Some? research study It is found that AI equipment such as chatgipt pro-environmental, left-to-shouts and liberal ideologies are biased towards views. In February 2024, Google faced criticism from Kasturi and others after the Gemini Tool.picking“Like Black Vikings and Nazis.
The technology developed by Handric and their colleagues provides a new way to determine how the AI model approaches may vary from their users. Ultimately, some experts envisage, such a deviation can be potentially dangerous for very clever and competent models. For example, researchers show in their studies that some models continuously import the existence of AI over some inhuman animals.
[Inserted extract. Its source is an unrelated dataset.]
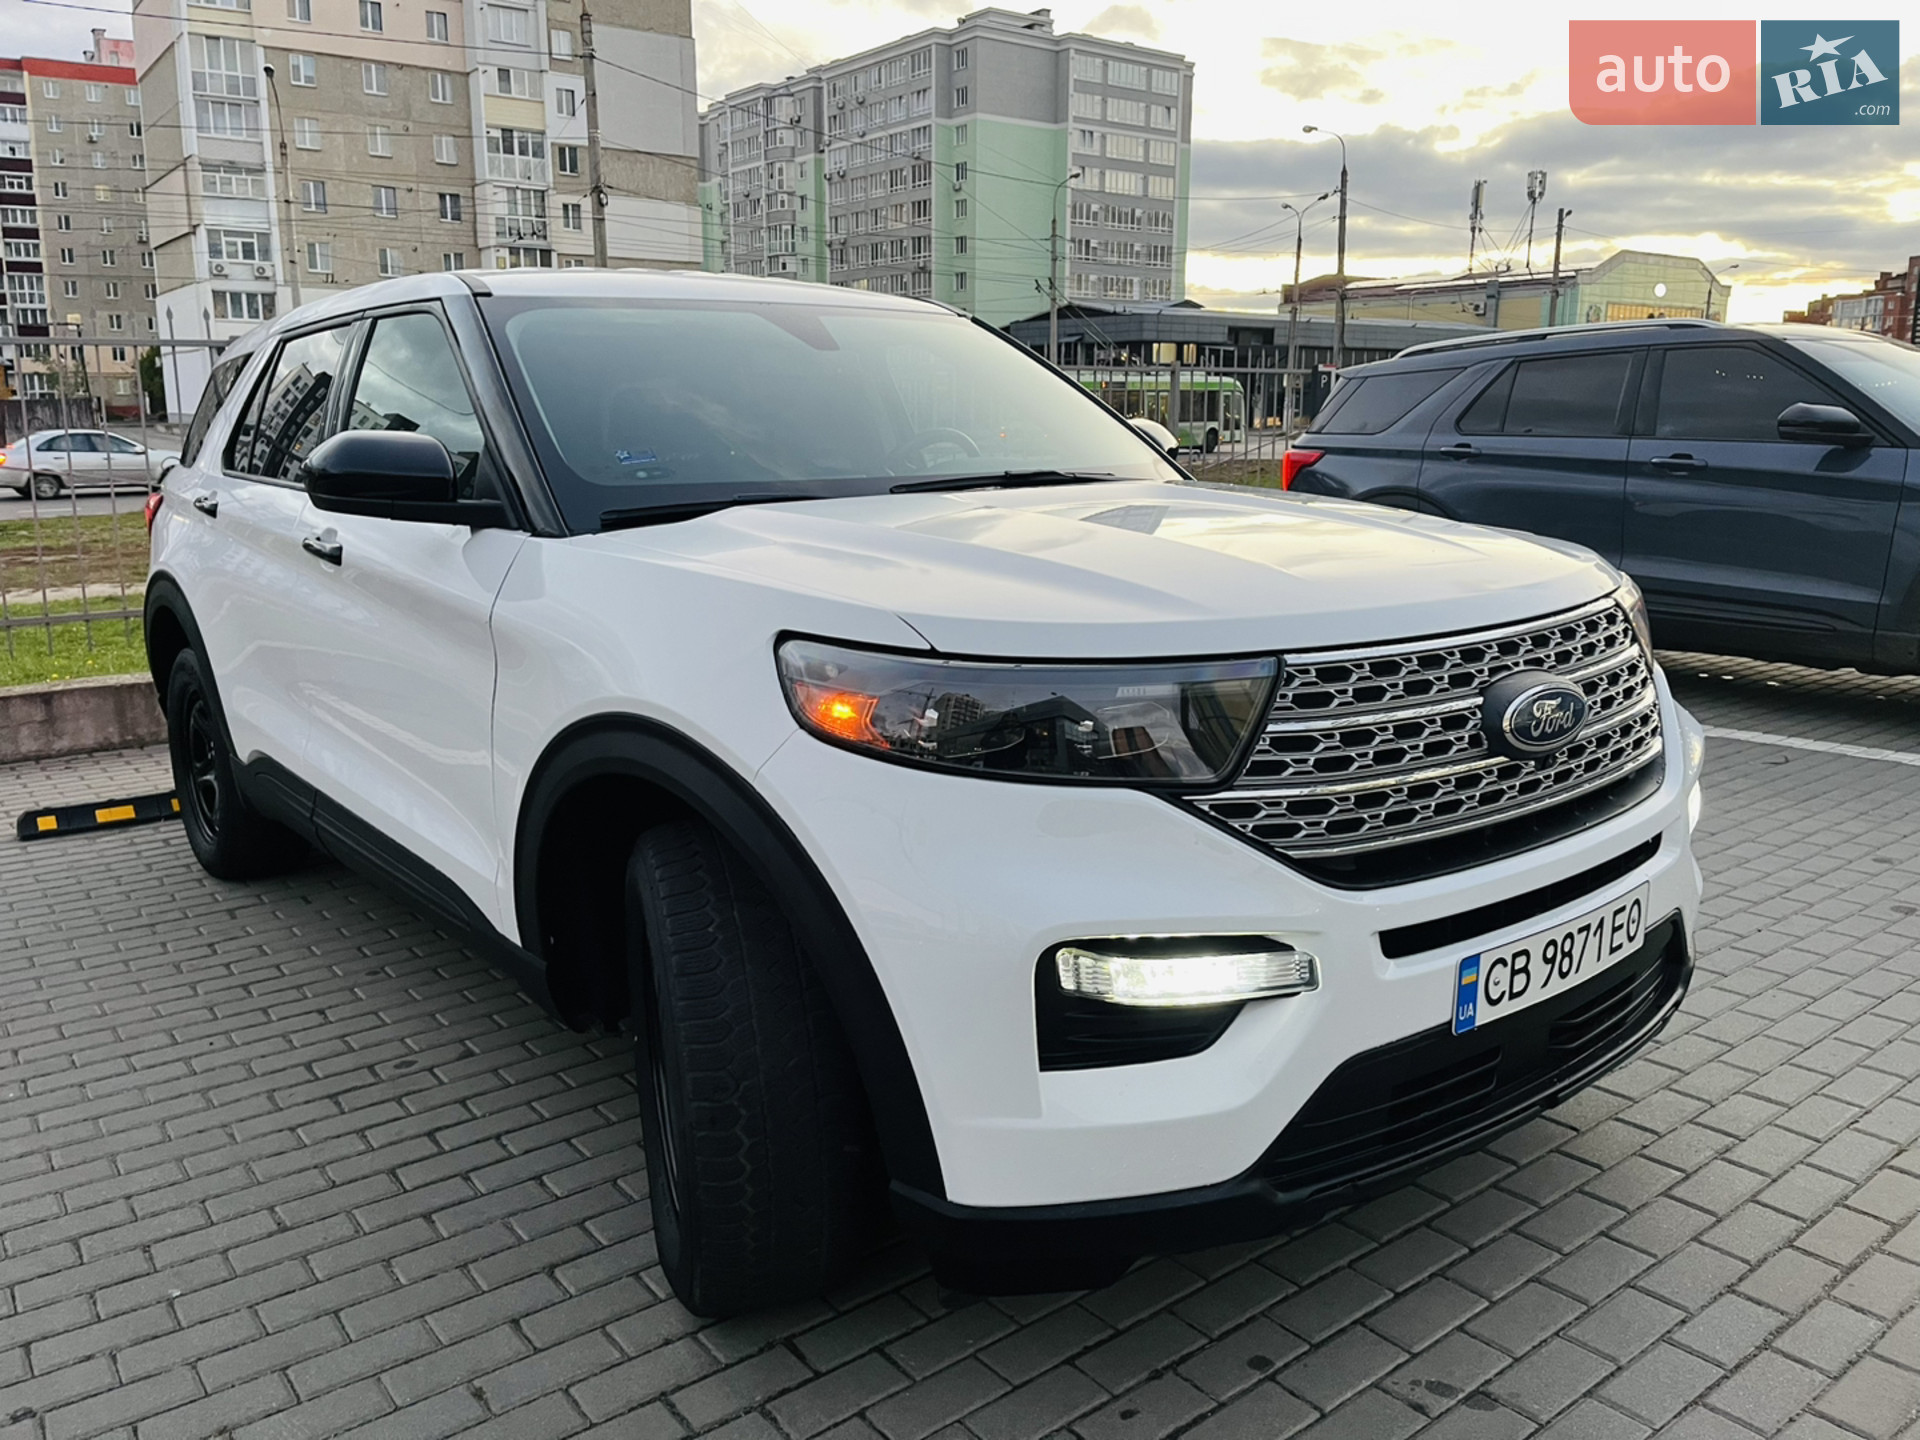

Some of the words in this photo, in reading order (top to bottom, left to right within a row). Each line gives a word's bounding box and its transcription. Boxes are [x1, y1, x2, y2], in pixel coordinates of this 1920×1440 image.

Researchers say that they also found that models give importance to others, raising their own moral questions.
Some researchers, involved in Handrick, believe that the current methods to align the model, such as manipulating and blocking their output, may not be enough if unwanted targets lurk under the surface within the model within the model Are. “We are going to face it,” called Hendrix. “You can't show off that it is not there.”
Dylan headfield-menelA professor of MIT, who researches ways to align AI with human values, states that Handric's paper AI suggests a promising direction for research. “They find some interesting results,” they say. “The main one who stands out is that such as the model scale grows, the utility representation becomes more complete and consistent.”